Updated

TRENTON, N.J. -- Hundreds of evacuees from the shore arrived in Trenton in busloads overnight into Saturday morning as the first winds from Hurricane Irene were expected to start blowing in New Jersey.

About two dozen buses had arrived by morning, greeted by local police and National Guardsmen.

Mandatory evacuations were in effect for all of Cape May County, Long Beach Island and coastal communities in Atlantic and Ocean counties. The shore emptied out with relative ease Friday.

Forecasters have said the state will begin to feel the effects of the storm by Saturday afternoon, with the worst due Sunday morning.

The state is busing people in from shore communities to the Sun National Bank Center in Trenton as a staging area and may also make the Izod Center in Newark available if more shelter space is needed.

Yavor Tenev and a group of friends from Bulgaria were working in Ocean City for the summer and had nowhere else to go when the evacuations began.

"There are a lot of people in there," he said, as he and his friends sat outside on a curb enjoying the last of the dry weather to come for a few days.

The group of 20-somethings were moved from a shelter in Woodbine to Trenton and arrived just before 2 a.m., but said there were no cots set up or blankets available so they could sleep. There was also no television, Internet or radios available, so they weren't sure what was going on with the storm.

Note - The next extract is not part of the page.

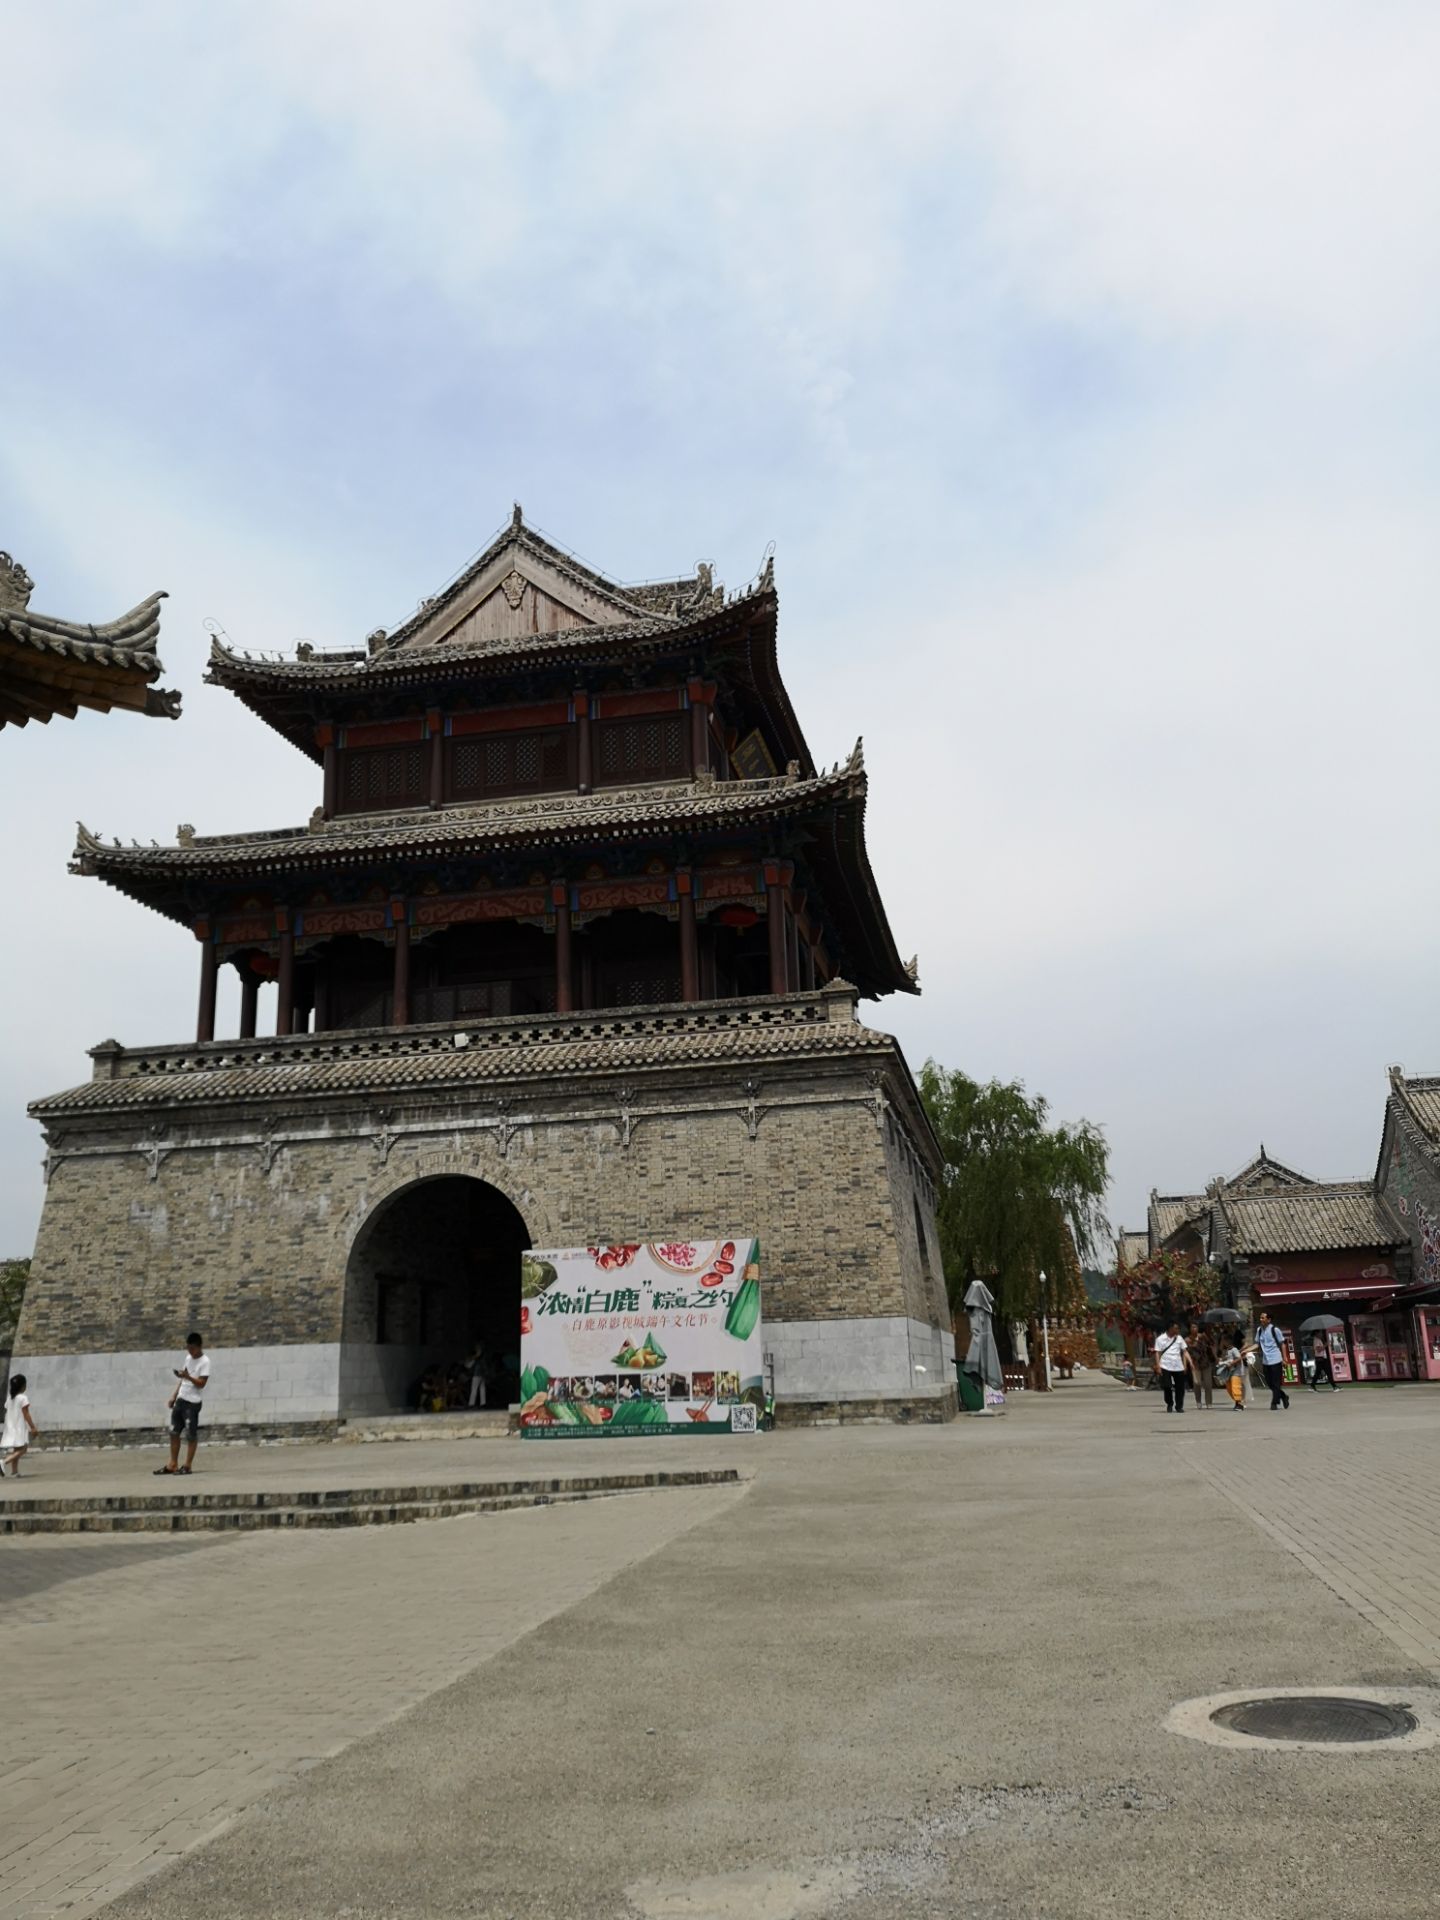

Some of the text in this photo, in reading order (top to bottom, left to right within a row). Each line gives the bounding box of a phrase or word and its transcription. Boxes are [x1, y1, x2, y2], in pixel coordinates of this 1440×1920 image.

[572, 1313, 708, 1331] 白鹿原影视城端午文化节

They were offered food, juice and coffee and no shortage of air conditioning.

"It's freezing in there," said Stahislava Valkova, 21, as she munched on a hot dog for breakfast.

"There is nowhere to sleep, only places for the elderly and sick."

Gov. Chris Christie has urged people to use shelters only as a means of last resort.

Public transportation around the state was expected to come to a halt by midday Saturday, as trains stop running and incoming flights are suspended at the New York area airports, including Newark Liberty.

Atlantic City casinos were closed for only the third time since gaming began there in 1978.

While it weakened some late Friday, Hurricane Irene is still supposed to hit New Jersey -- or pass very close by -- as a Category 1 storm with winds of more than 75 miles per hour and torrential rains.

Six to 10 inches of rain is expected to cause flooding along rivers and streams all over New Jersey, many of them already were swollen after a rainy August.

A storm surge could raise water levels by 3 to 6 feet along the seacoast and the Raritan and Delaware bays. The effect could be even bigger if the storm arrives, as expected, in conjunction with an abnormally high tide around dawn Sunday.